Work to be completed: Reproduce the whole listing that follows, character for character, and drop the images.
*** Recorded data Section Begins ***
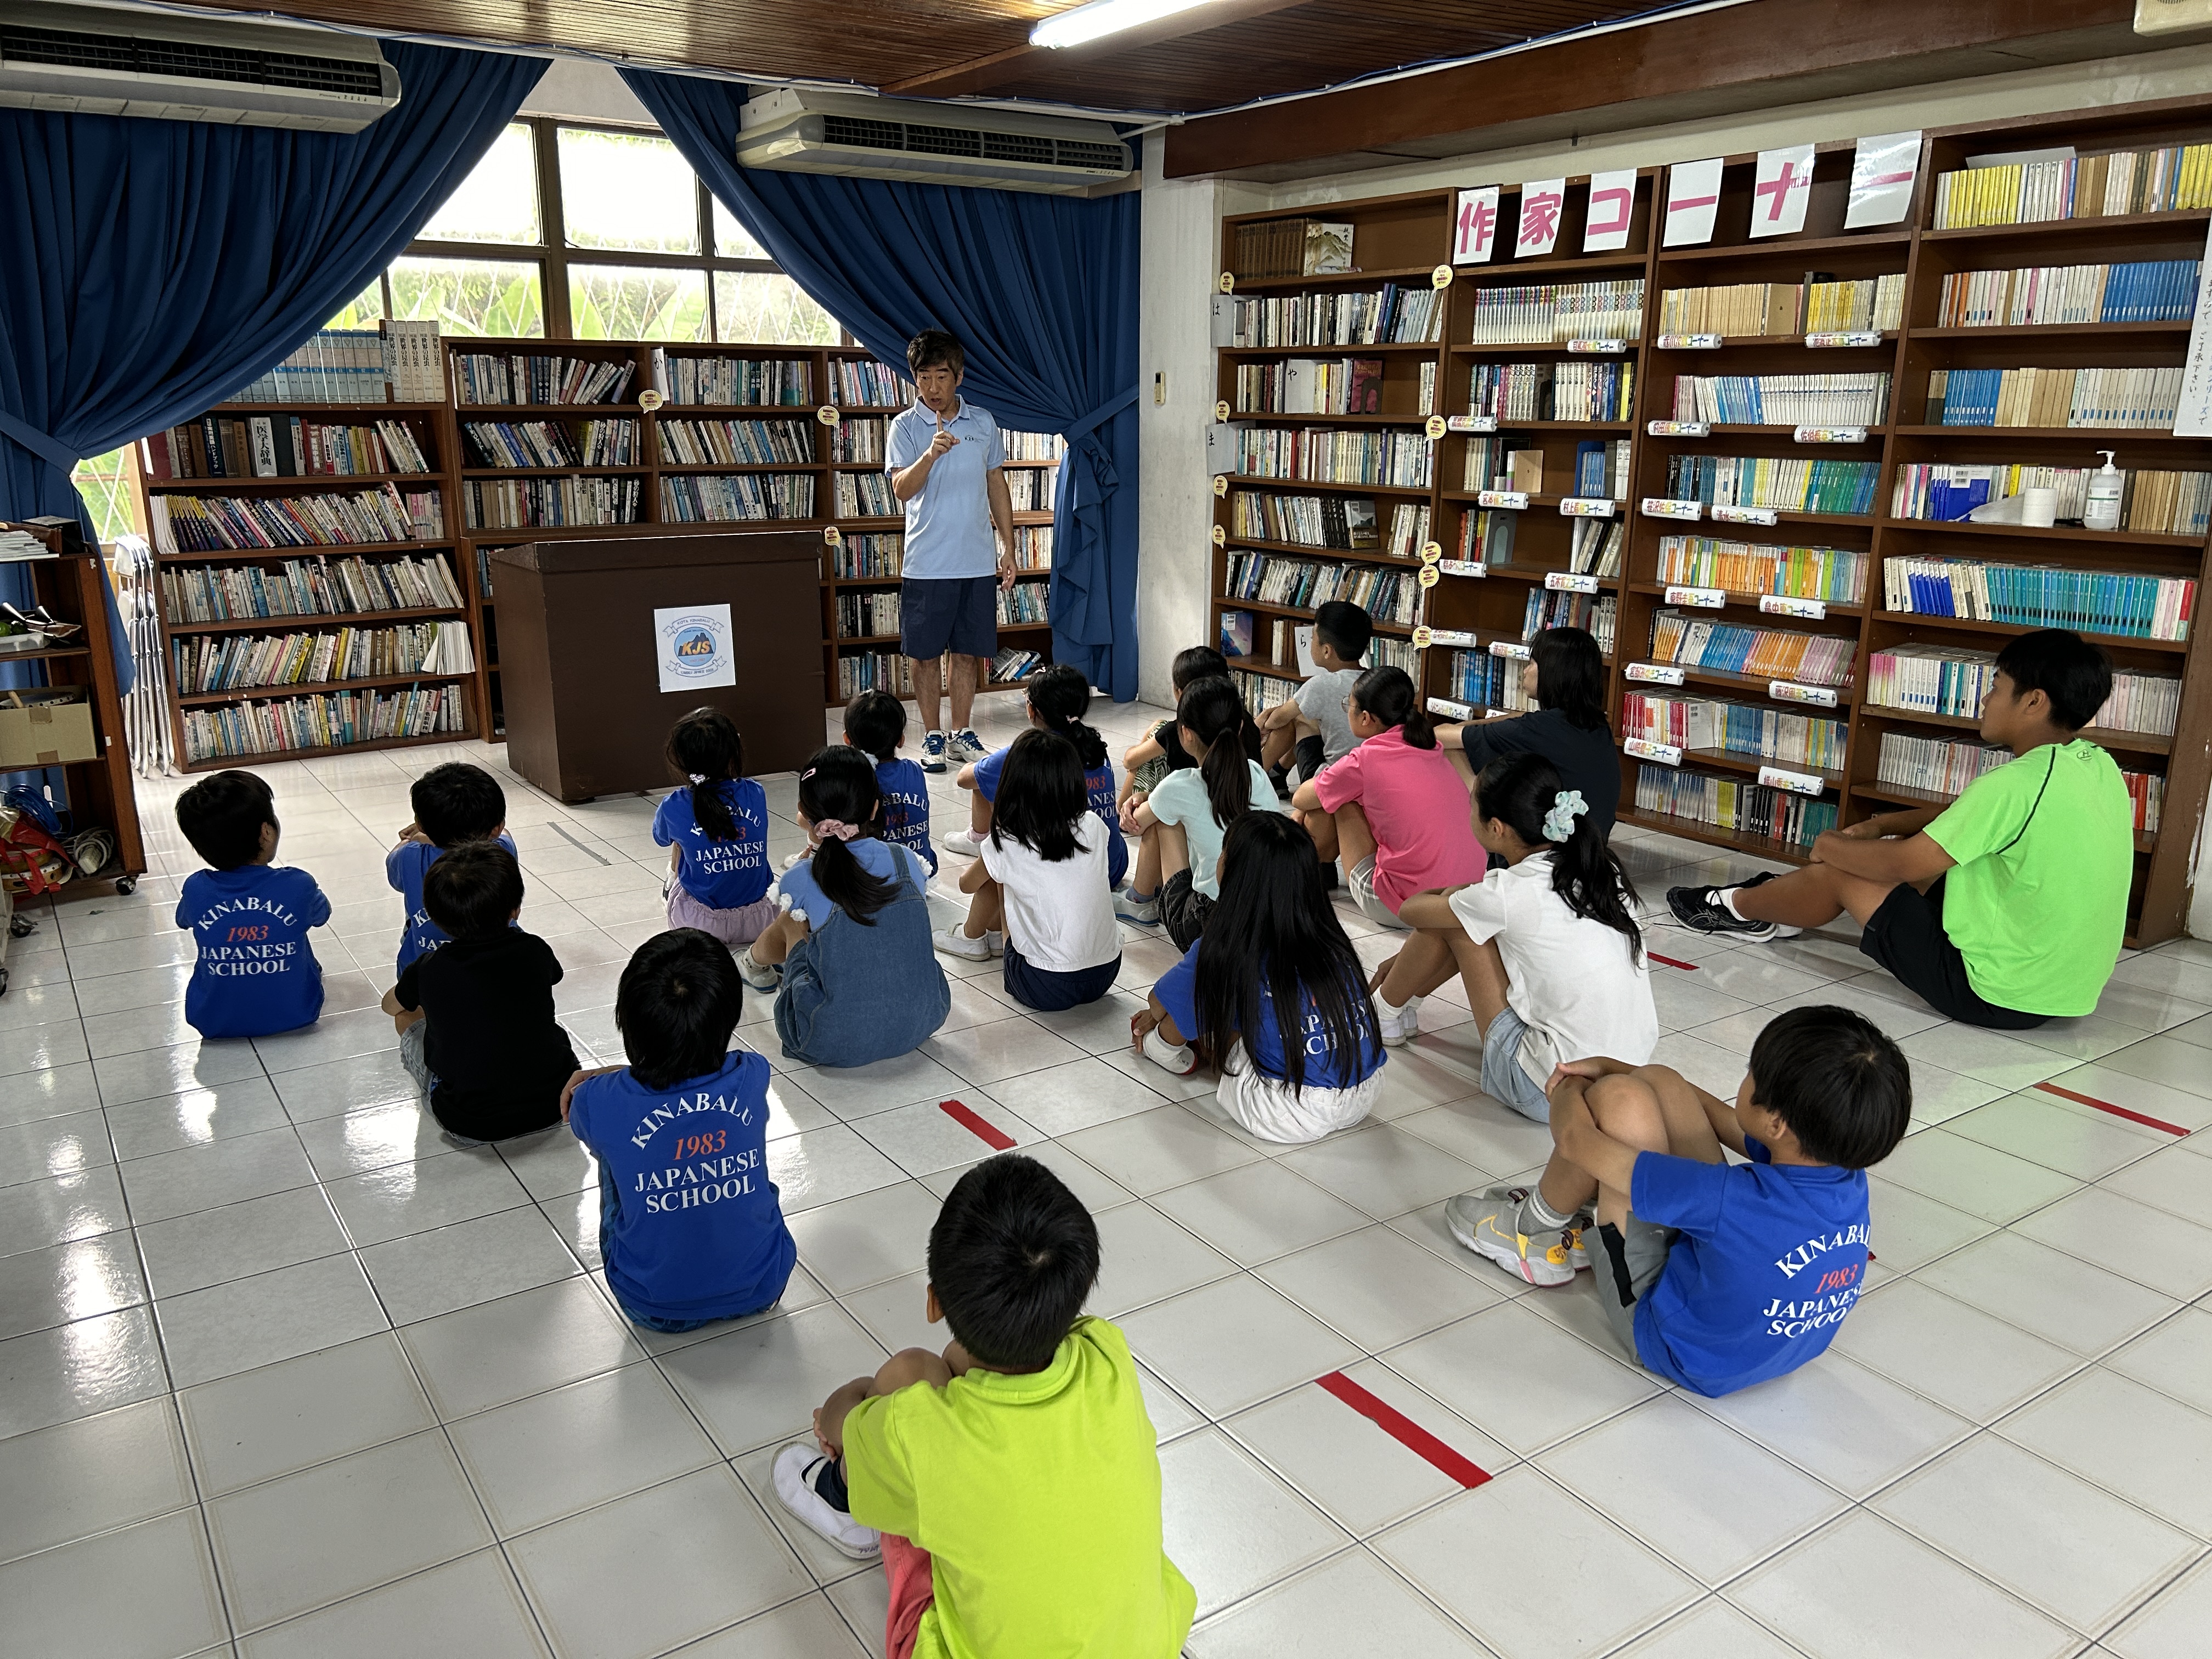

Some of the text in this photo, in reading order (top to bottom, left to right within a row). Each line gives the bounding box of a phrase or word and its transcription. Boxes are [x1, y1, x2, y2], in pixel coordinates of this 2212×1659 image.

[1212, 303, 1220, 316] は
[654, 357, 663, 370] か
[1288, 369, 1297, 381] や
[256, 426, 272, 466] 医学大辞典
[1208, 432, 1215, 446] ま
[681, 641, 710, 656] KJS
[1300, 634, 1307, 648] ら
[1085, 775, 1106, 791] 983
[882, 792, 927, 811] ABALU
[690, 805, 761, 837] KBALU
[695, 840, 764, 862] JAPANESE
[703, 856, 762, 874] SCHOOL
[198, 896, 298, 931] KINABALU
[226, 925, 269, 943] 1983
[201, 941, 297, 960] JAPANESE
[207, 959, 291, 976] SCHOOL
[630, 1092, 753, 1150] KINABALU
[673, 1129, 727, 1161] 1983
[635, 1148, 760, 1192] JAPANESE
[645, 1175, 756, 1214] SCHOOL
[1774, 1223, 1870, 1280] KINABAL
[1813, 1263, 1859, 1294] 1983
[1763, 1279, 1863, 1318] JAPANES
[1767, 1303, 1852, 1339] SCHOO
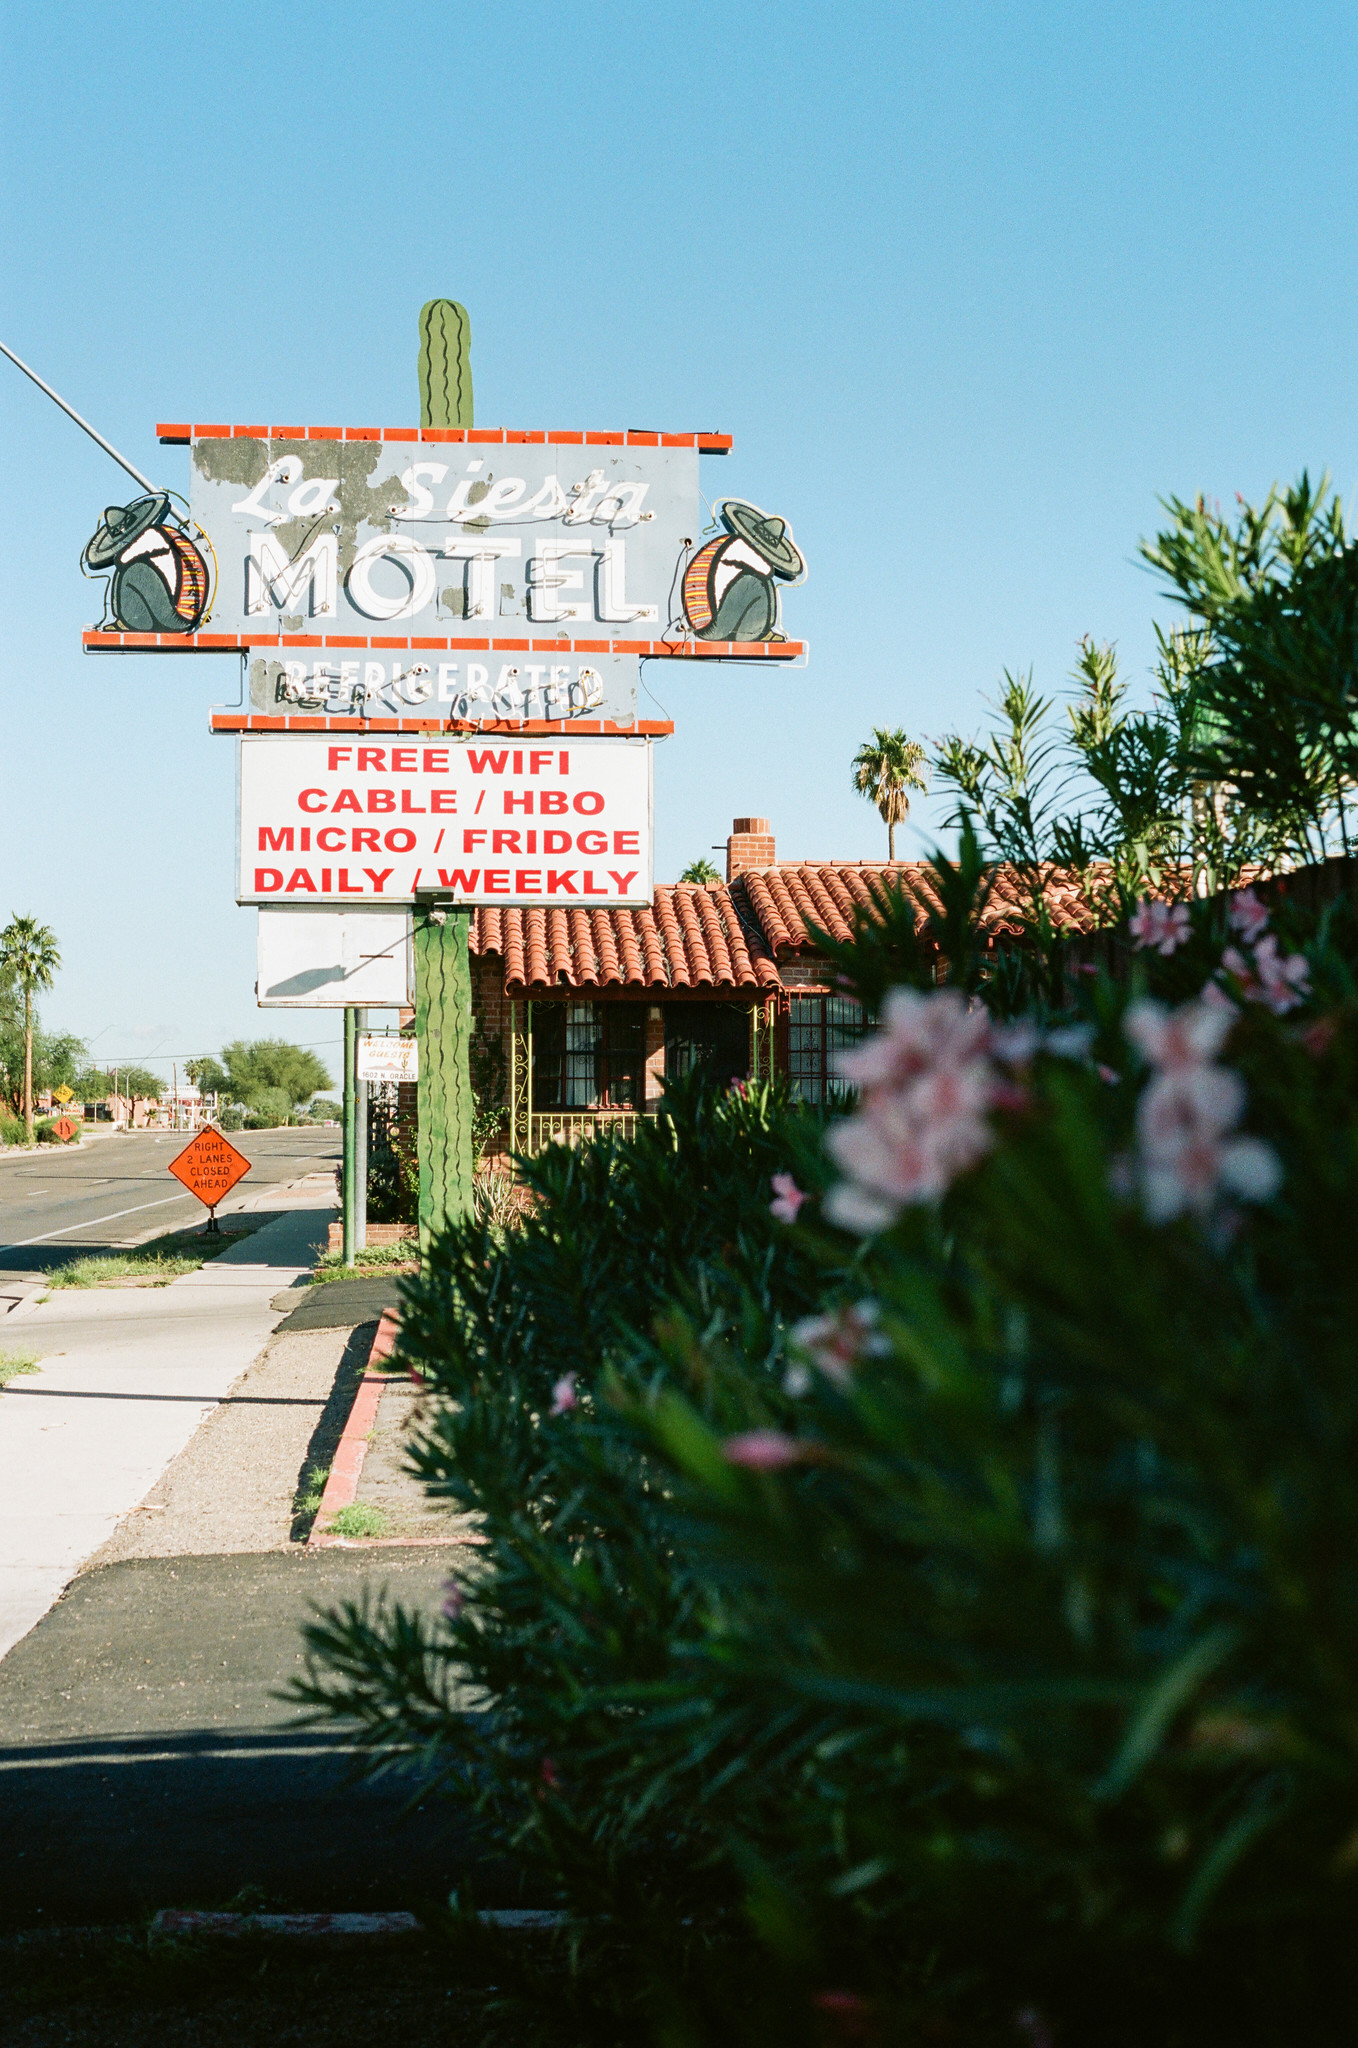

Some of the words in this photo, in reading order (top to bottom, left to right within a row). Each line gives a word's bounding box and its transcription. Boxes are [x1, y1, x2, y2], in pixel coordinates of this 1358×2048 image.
*** Recorded data Section Ends ***
Written solution:
Some of the text in this photo, in reading order (top to bottom, left to right within a row). Each line gives the bounding box of a phrase or word and its transcription. Boxes are [x1, y1, x2, y2], in pixel coordinates of this 2212×1659 image.

[1212, 303, 1220, 316] は
[654, 357, 663, 370] か
[1288, 369, 1297, 381] や
[256, 426, 272, 466] 医学大辞典
[1208, 432, 1215, 446] ま
[681, 641, 710, 656] KJS
[1300, 634, 1307, 648] ら
[1085, 775, 1106, 791] 983
[882, 792, 927, 811] ABALU
[690, 805, 761, 837] KBALU
[695, 840, 764, 862] JAPANESE
[703, 856, 762, 874] SCHOOL
[198, 896, 298, 931] KINABALU
[226, 925, 269, 943] 1983
[201, 941, 297, 960] JAPANESE
[207, 959, 291, 976] SCHOOL
[630, 1092, 753, 1150] KINABALU
[673, 1129, 727, 1161] 1983
[635, 1148, 760, 1192] JAPANESE
[645, 1175, 756, 1214] SCHOOL
[1774, 1223, 1870, 1280] KINABAL
[1813, 1263, 1859, 1294] 1983
[1763, 1279, 1863, 1318] JAPANES
[1767, 1303, 1852, 1339] SCHOO

Some of the words in this photo, in reading order (top to bottom, left to right within a row). Each line gives a word's bounding box and its transcription. Boxes are [x1, y1, x2, y2], in pixel coordinates of this 1358×2048 image.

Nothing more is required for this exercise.